Based on what I heard (second hand from a medical professional), I'll probably save a lot of our expired over-the-counter medications. Obviously, that's a personal call and people needs to decide what's best for their families, but I heard enough to consider keeping meds a while longer. I suggest checking with medical professionals and asking them the question if you're interested.
On "Entitlement" and instilling contentment in children without all the emphasis on material possessions, etc...
An anonymous reader posted a comment after that entry. I LOVE what she has to say. Sometime I'll write about birthday parties. We've tried to get creative in that department.

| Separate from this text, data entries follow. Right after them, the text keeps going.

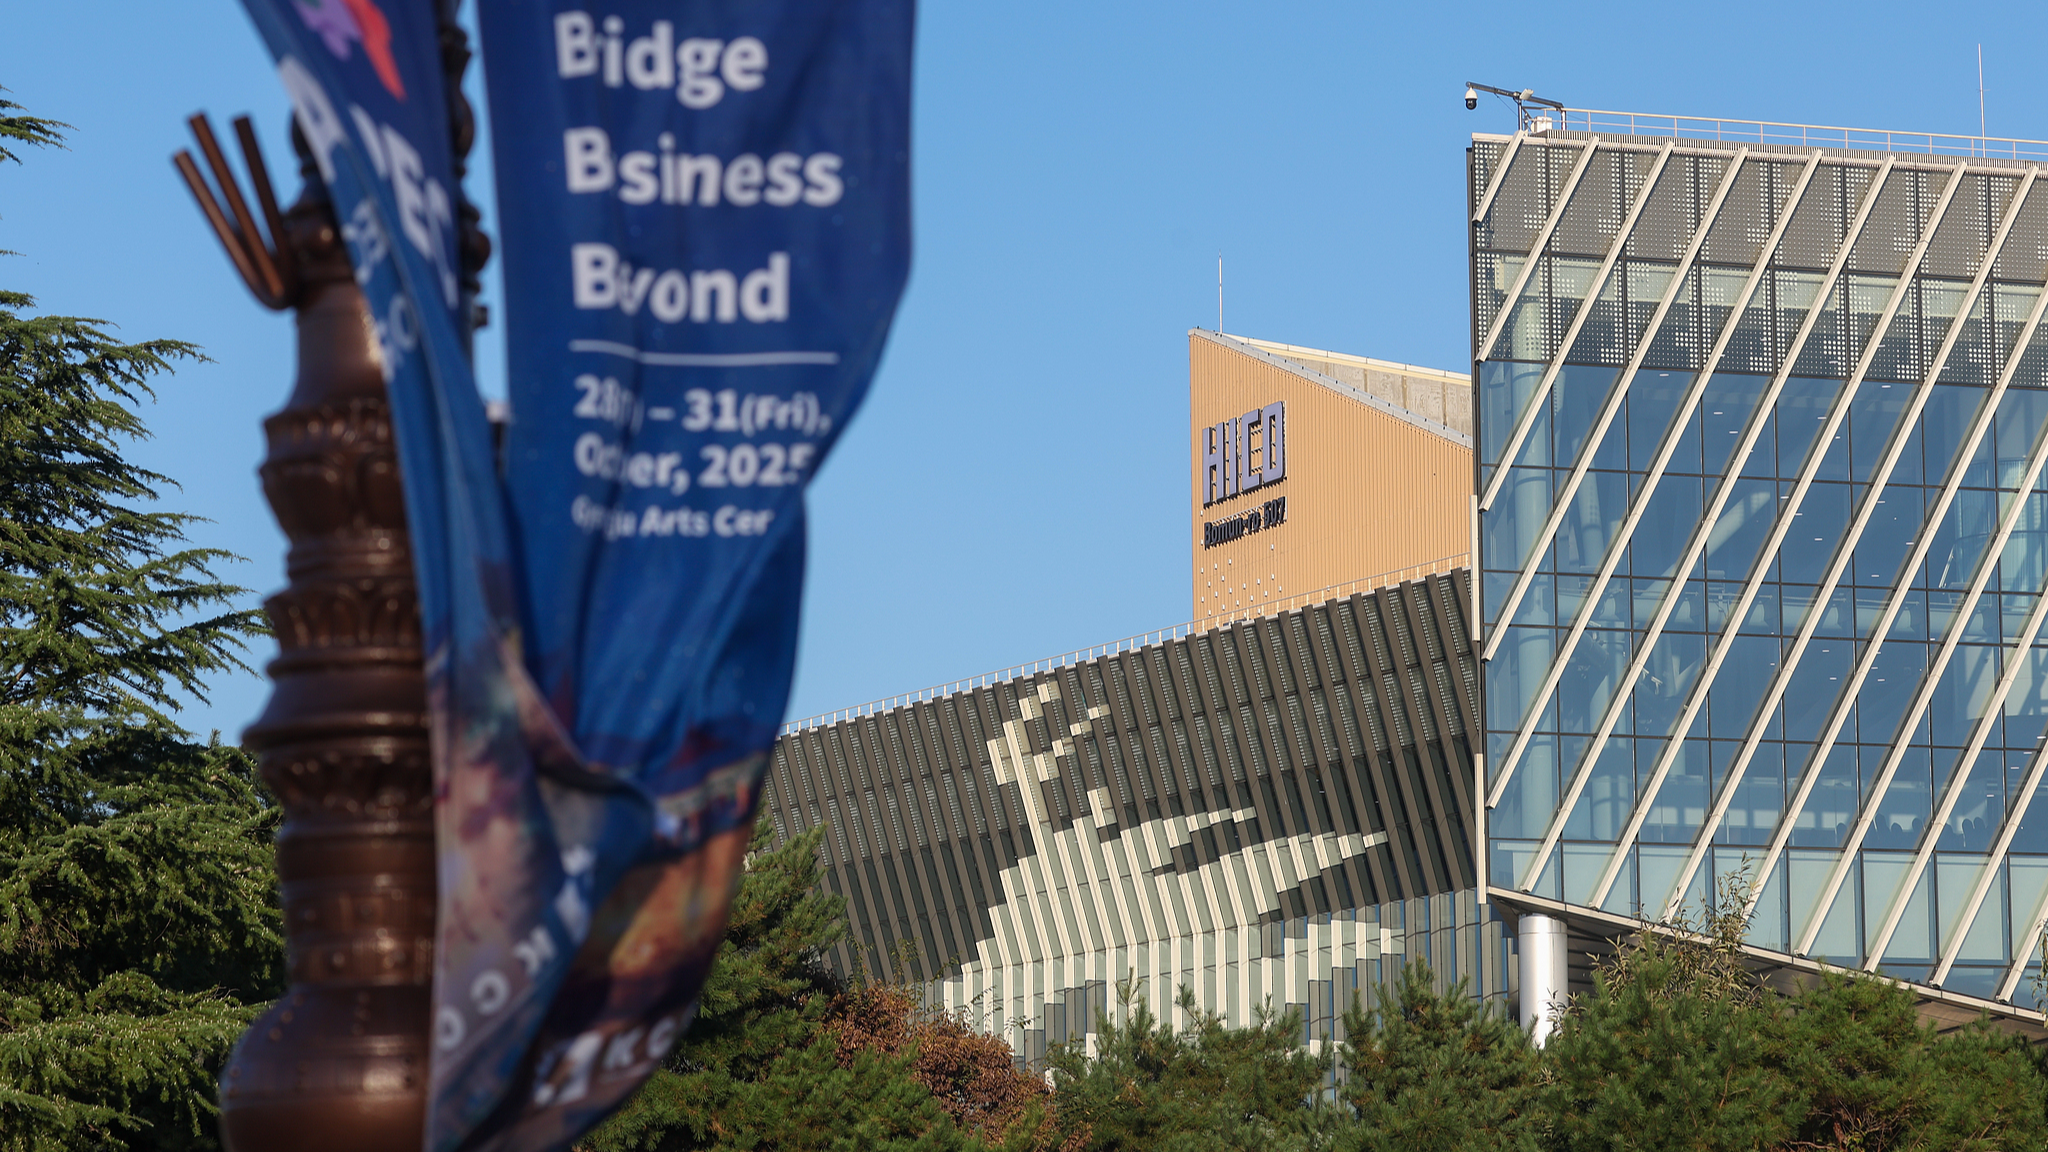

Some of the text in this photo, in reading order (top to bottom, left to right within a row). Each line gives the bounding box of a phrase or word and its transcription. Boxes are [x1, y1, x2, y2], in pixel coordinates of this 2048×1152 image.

[553, 10, 769, 109] Bidge
[563, 125, 845, 207] Bsiness
[1202, 400, 1286, 507] HICO
[1204, 496, 1286, 548] Bomun-ro 507
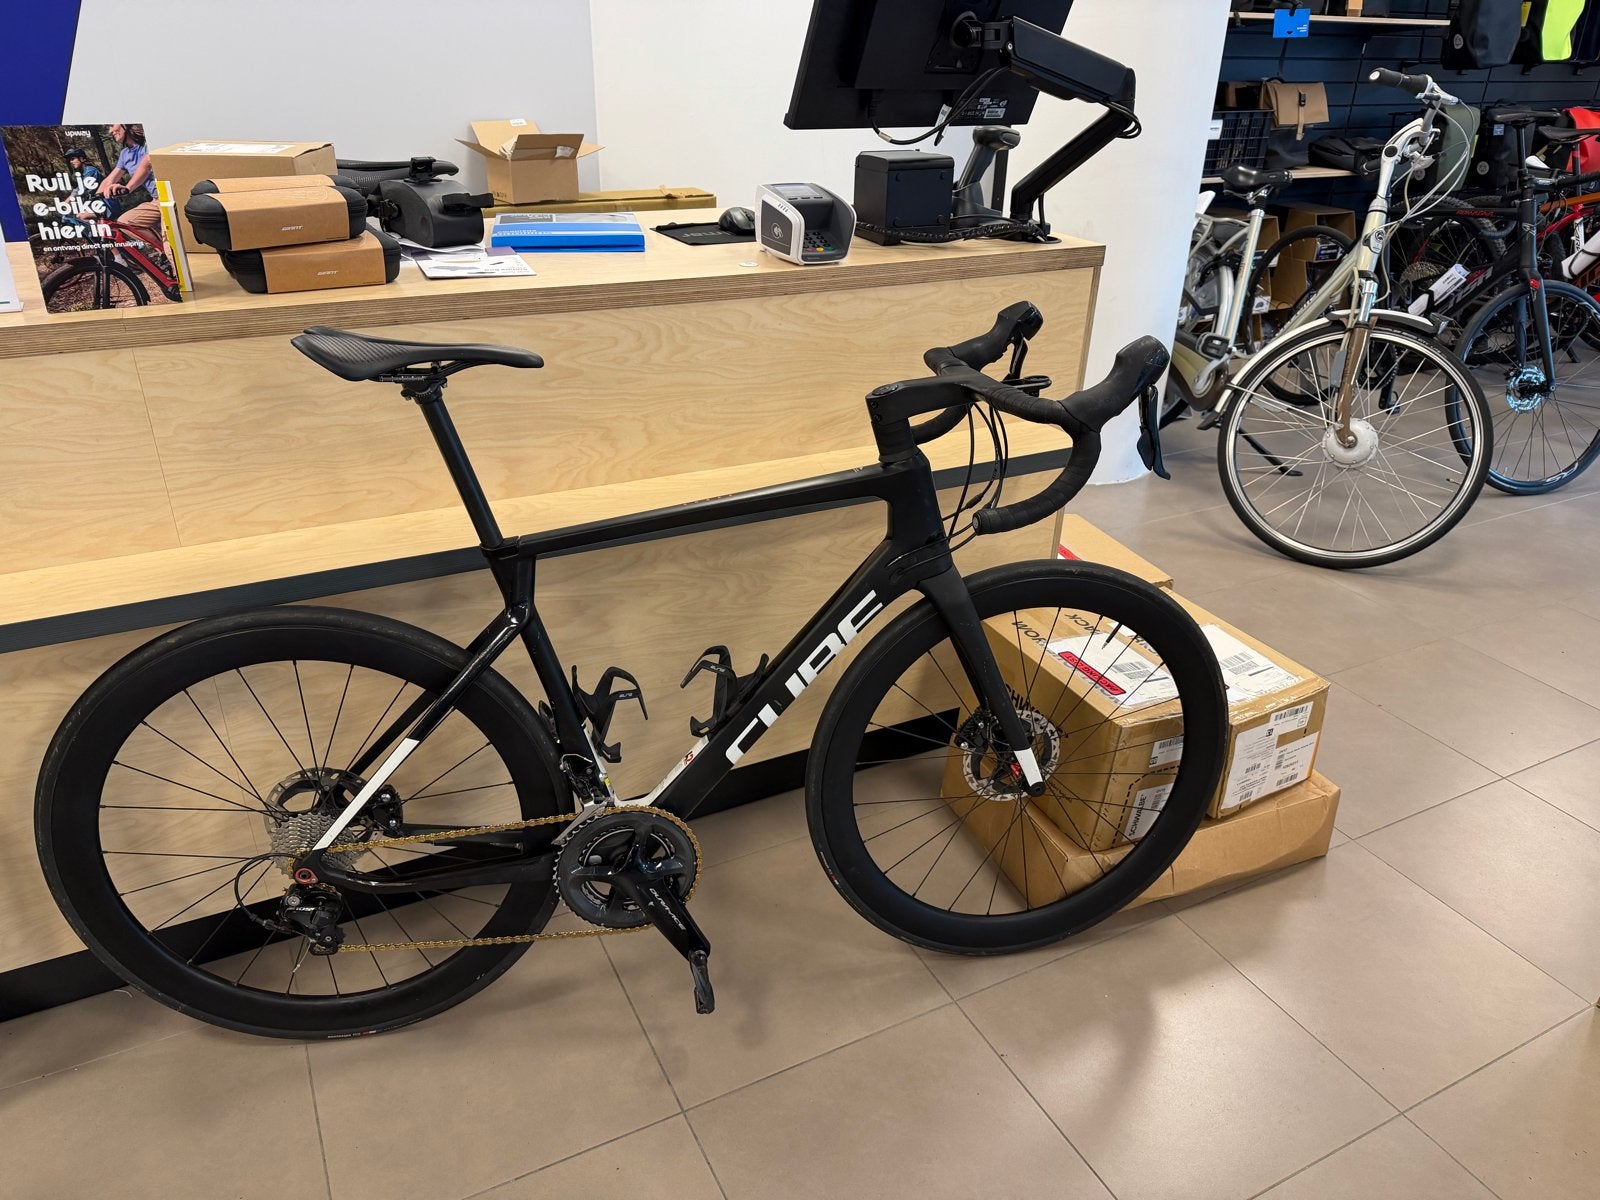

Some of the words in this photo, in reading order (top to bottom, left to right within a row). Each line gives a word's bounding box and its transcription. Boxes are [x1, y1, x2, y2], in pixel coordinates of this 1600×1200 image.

Here's what the anonymous reader posted...it's worth repeating!
Awesome!
This is actually a core family value for me. I think about it all the time and I work on it all the time.
I've done a number of things to try and instill this value in my kids.
1. No birthday party or Xmas excess. I don't do birthday parties where 20 kids each bring a $20 gift. We do family birthdays and a limited friend thing -- with the exception of a single party my 10 yo had at age 6 where we invited all 9 girls from her daycare class to a pottery painting place. This party marked the end of daycare days and she still talks about it.
2. We inherit used clothing (or buy used clothing) and inherit some great used toys. My kids are fine with this.
3. The school my oldest attends has a large socioeconomic range, with a trend towards families of modest means. This has created a peer culture that is remarkably free of consumerism. So, I have nothing to counter at home. School friends live simply ... and so do we.
4. We spend a lot of time together just hanging out as a family or going to community events together (that's very cheap and models that you don't have to spend money to have fun!)
5. I had a friend give my oldest $20 for her birthday each year in small coin denominations, to buy scholastic books. The intent was to provide a math activity. The bonus was that it gave an opportunity to teach about getting value for your money (NOT buying the books with the gadgets which are much more expensive for gadgets that are poor quality) and also NOT buying this month (if nothing really appealed) so you would have more money the next month if there was something you really wanted but was more expensive.
6. I talk about money decisions I make in a kid friendly way. E.g. They see me research what to do before deciding on a new mortgage, a new investment etc. If they want something frivolous and I say "no", I explain that you have to make choices about how to spend your money and that that wouldn't be a good choice (and why).
7. I'm explicit. I tell them, "Love is more important than money".